2. The method of managing and recommending medical equipment according to claim 1, further comprising:

based on the use interval of each medical device, determining the time attenuation factor of each medical device, and further determining the objective preference degree of each medical device and the subjective preference degree of the doctor on each medical device.

3. The method of managing and recommending medical equipment according to claim 1, further comprising:

the method comprises the steps that a positioning tag obtains a Beacon signal transmitted by a Bluetooth Beacon on medical equipment, and signal intensity data when the Beacon signal is received is transmitted to a positioning base station nearest to the positioning tag through Lora wireless transmission, wherein the positioning tag and the positioning base station are arranged in each operating room;

the positioning base station encapsulates the received signal strength data into equipment position data and sends the equipment position data to a positioning server;

the positioning server analyzes the equipment position data, compares the signal intensity of Beacon signals acquired by different signal tags from Bluetooth beacons on the same medical equipment, and determines the position of the medical equipment and the distance between the medical equipment and the operating room.

4. The method of managing and recommending medical equipment according to claim 3, wherein the equipment location data comprises: positioning base station identification, positioning Beacon identification, bluetooth tag identification, medical equipment identification corresponding to the Bluetooth tag, operating room where medical equipment is located, beacon signal intensity and Beacon signal acquisition time.

5. The method of claim 4, wherein a current sensing element is disposed in the bluetooth tag for sensing a current change of the medical device to monitor whether the medical device is in operation.

6. The method of managing and recommending medical equipment according to claim 5, further comprising:

and regularly collecting the current intensity of the medical equipment, and the indoor temperature and humidity information of an operating room where the medical equipment is located, and monitoring the medical equipment.

7. The method of managing and recommending medical equipment according to claim 6, further comprising:

when a doctor performs an operation, doctor information, medical equipment information and operation information uploading databases are recorded.

8. The method of managing and recommending medical equipment according to claim 7, wherein the method comprises:

uploading doctor information when an RFID tag scanning gun in an operating room scans an RFID tag of a doctor, wherein the RFID tag records doctor information, and the doctor information comprises: doctor name, gender, age, head portrait and department information.

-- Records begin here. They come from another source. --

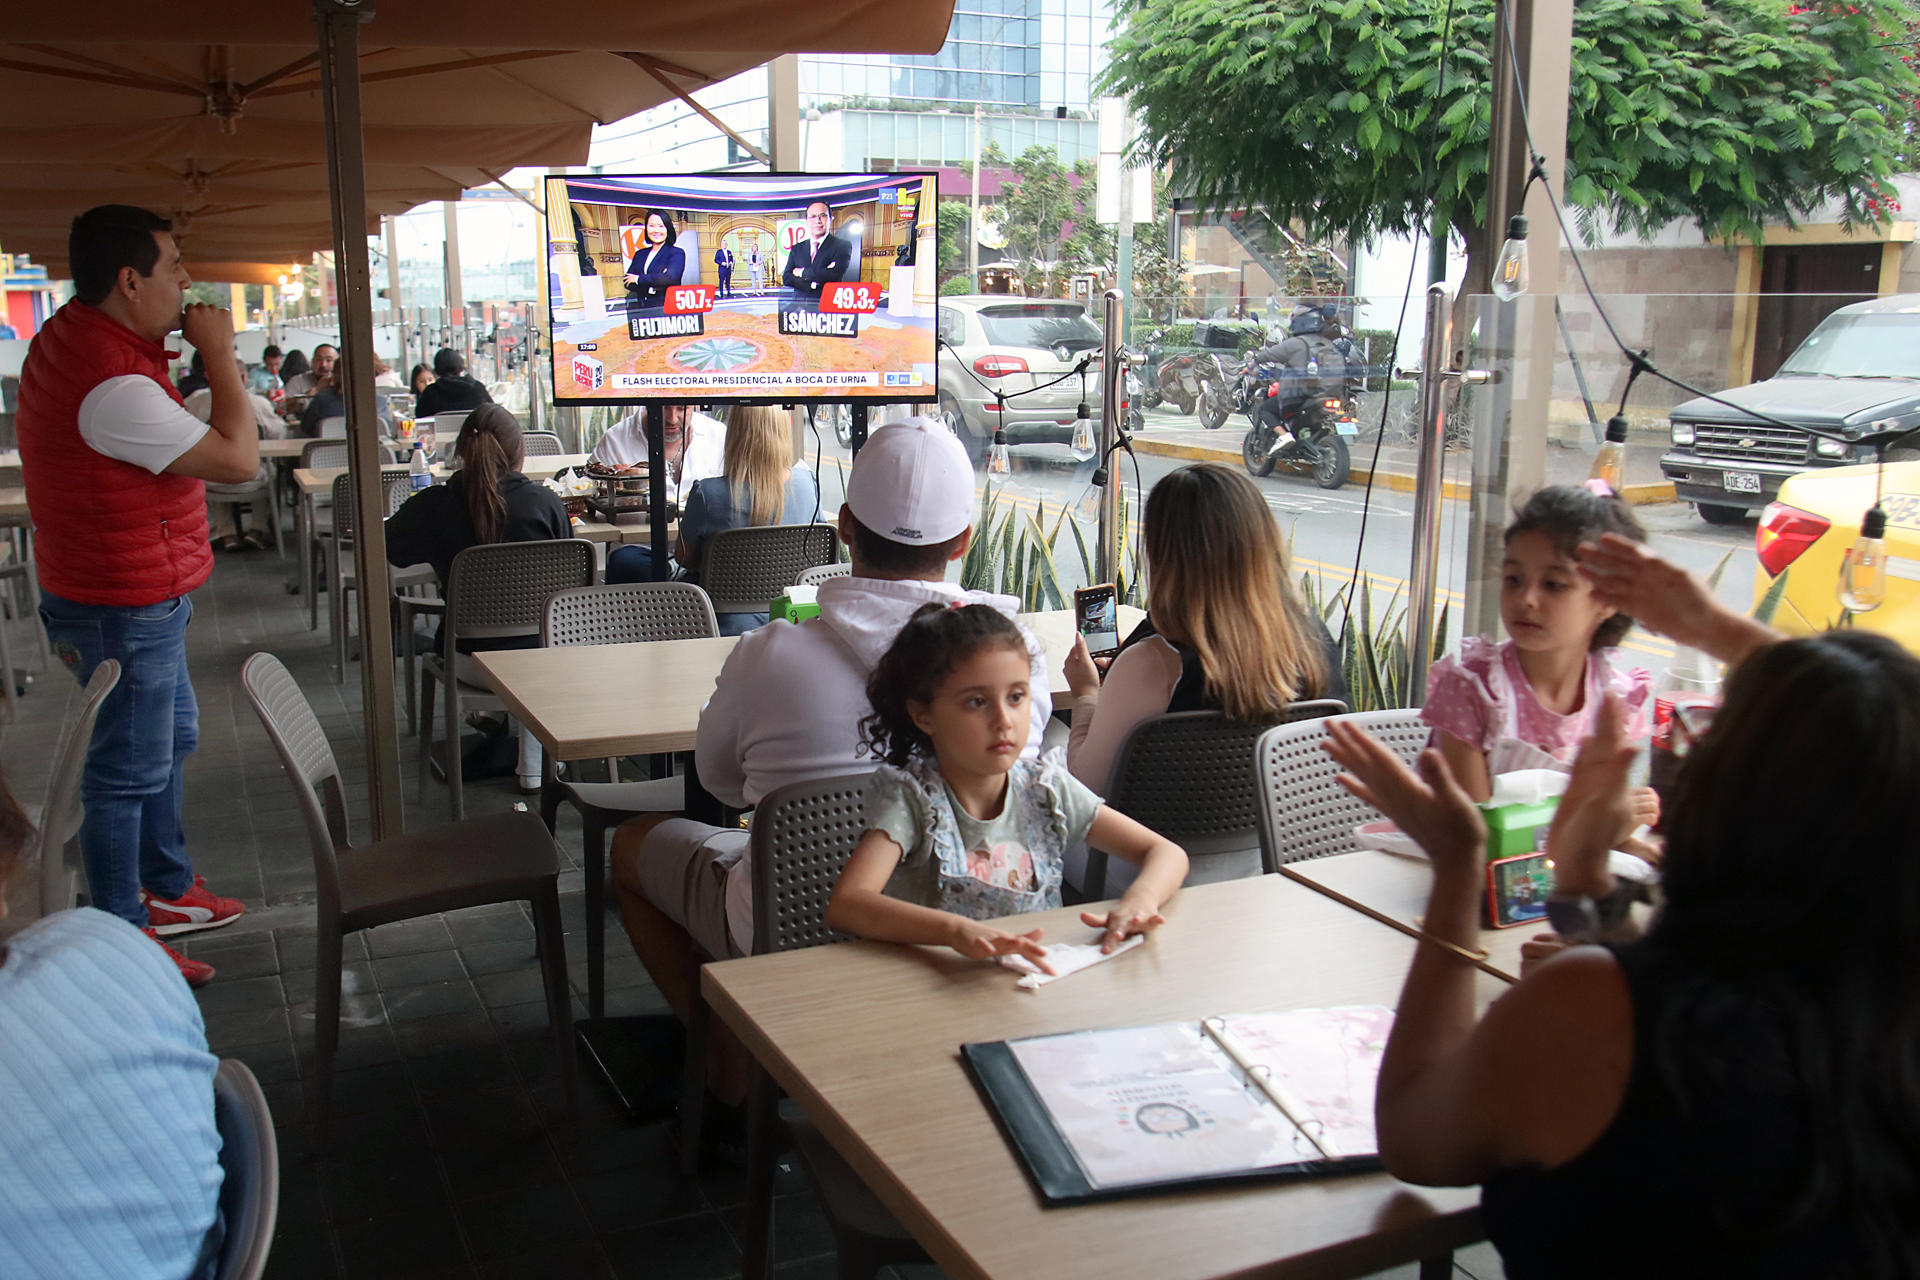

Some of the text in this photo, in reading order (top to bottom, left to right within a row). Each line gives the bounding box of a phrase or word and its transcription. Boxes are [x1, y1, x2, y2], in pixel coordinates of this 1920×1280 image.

[675, 289, 713, 310] 50.7%
[832, 287, 876, 310] 49.3%
[638, 314, 700, 337] FUJIMORI
[788, 309, 855, 335] SÁNCHEZ
[622, 375, 867, 386] FLASH ELECTORAL PRESIDENCIAL A BOCA DE URNA
[1726, 475, 1759, 490] ADE-254
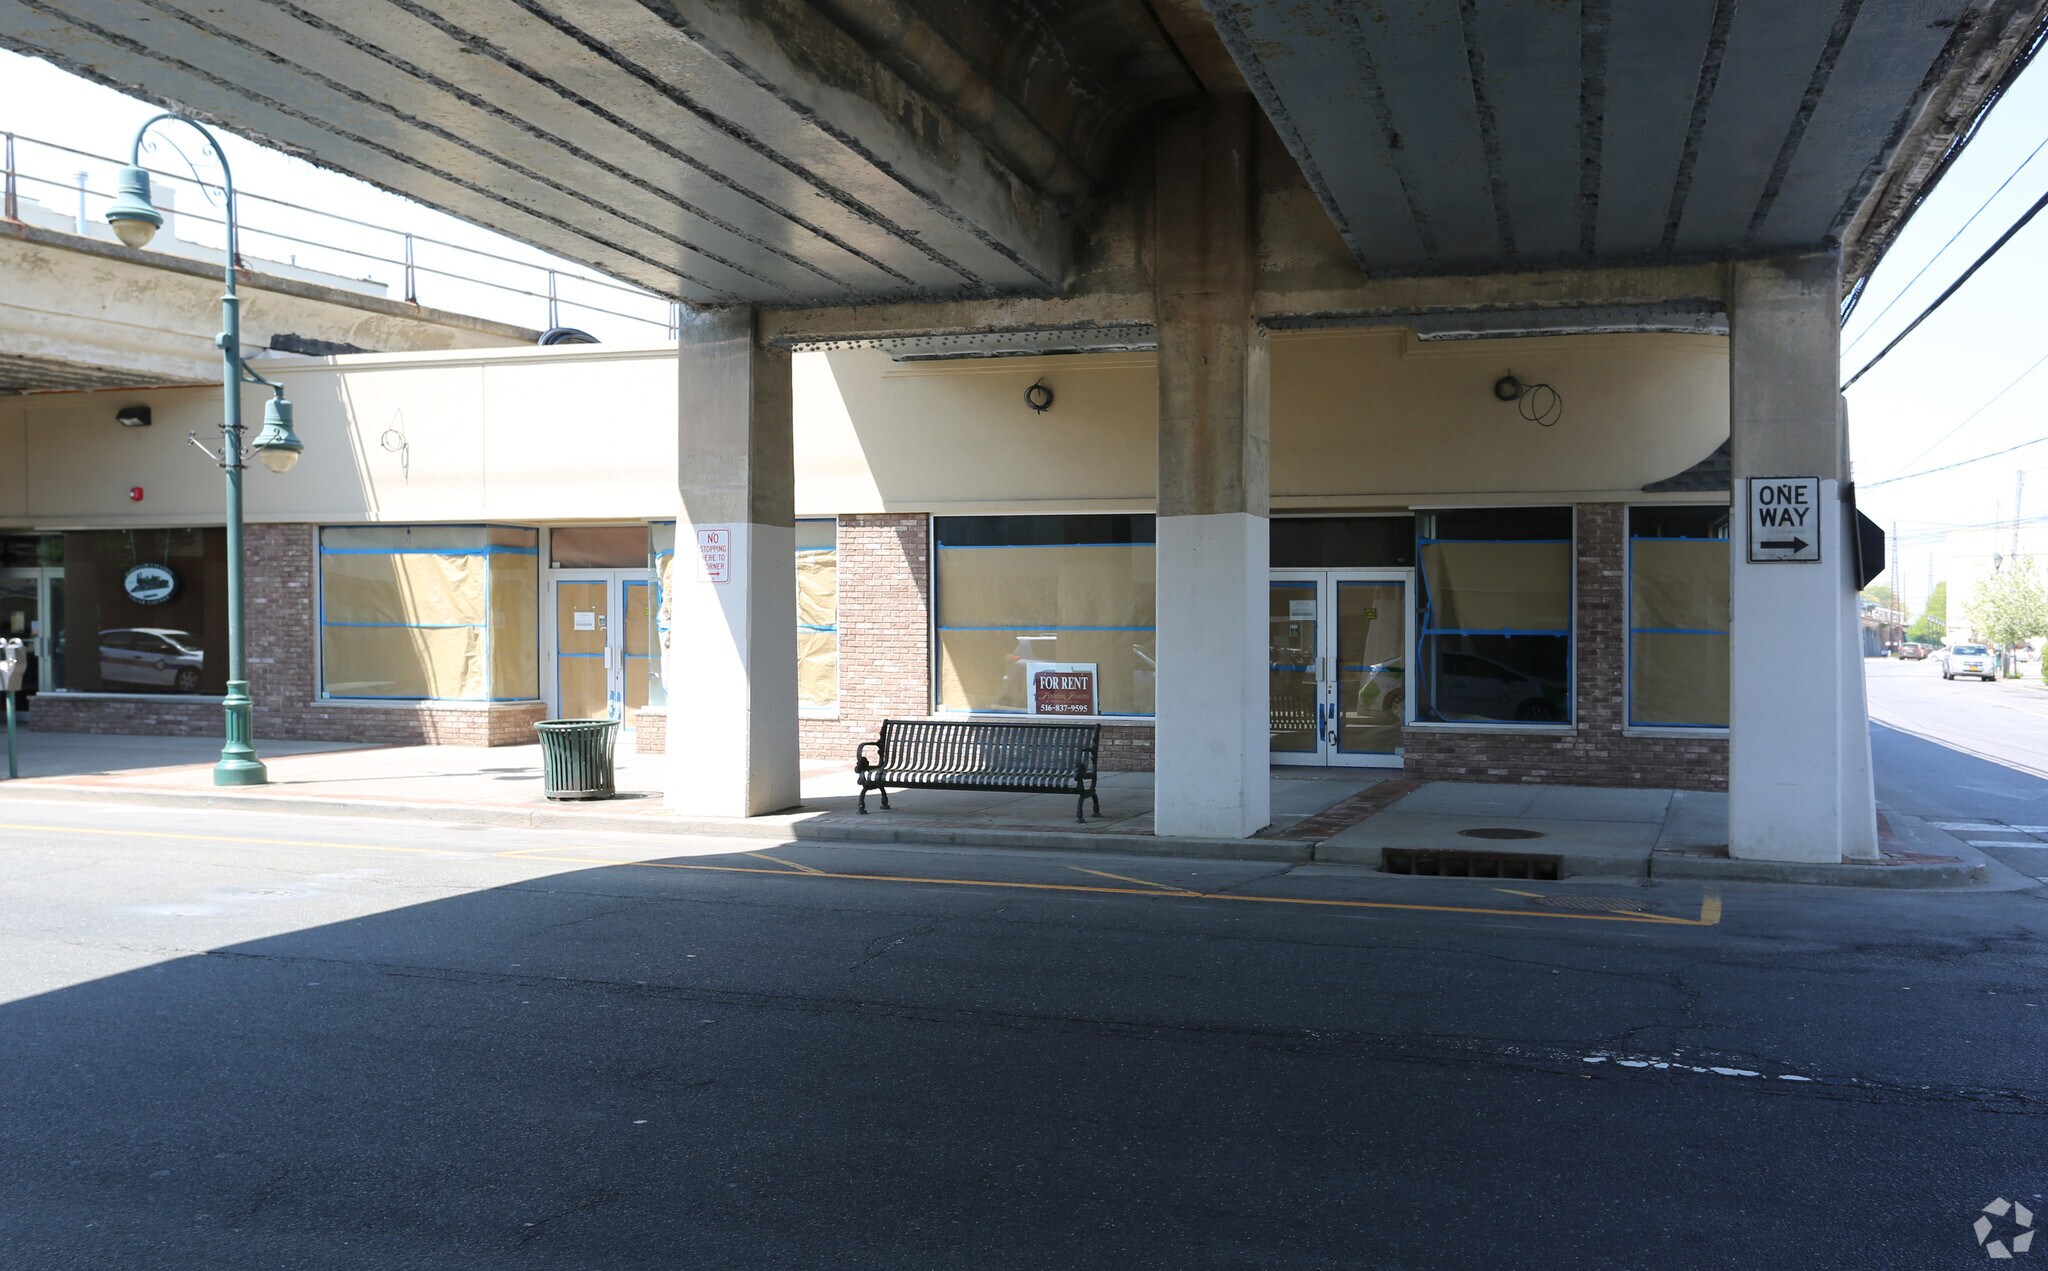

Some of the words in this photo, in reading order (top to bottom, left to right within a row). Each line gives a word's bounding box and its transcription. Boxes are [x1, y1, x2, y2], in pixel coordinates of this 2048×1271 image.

9. An electronic device, comprising:

a processor;

a memory including one or more computer program modules;

wherein the one or more computer program modules are stored in the memory and configured to be executed by the processor, the one or more computer program modules for implementing the method of managing and recommending medical devices of any of claims 1-8.

10. A computer readable storage medium having stored thereon computer instructions which when executed perform the steps of the method of managing and recommending medical equipment according to any of claims 1-8.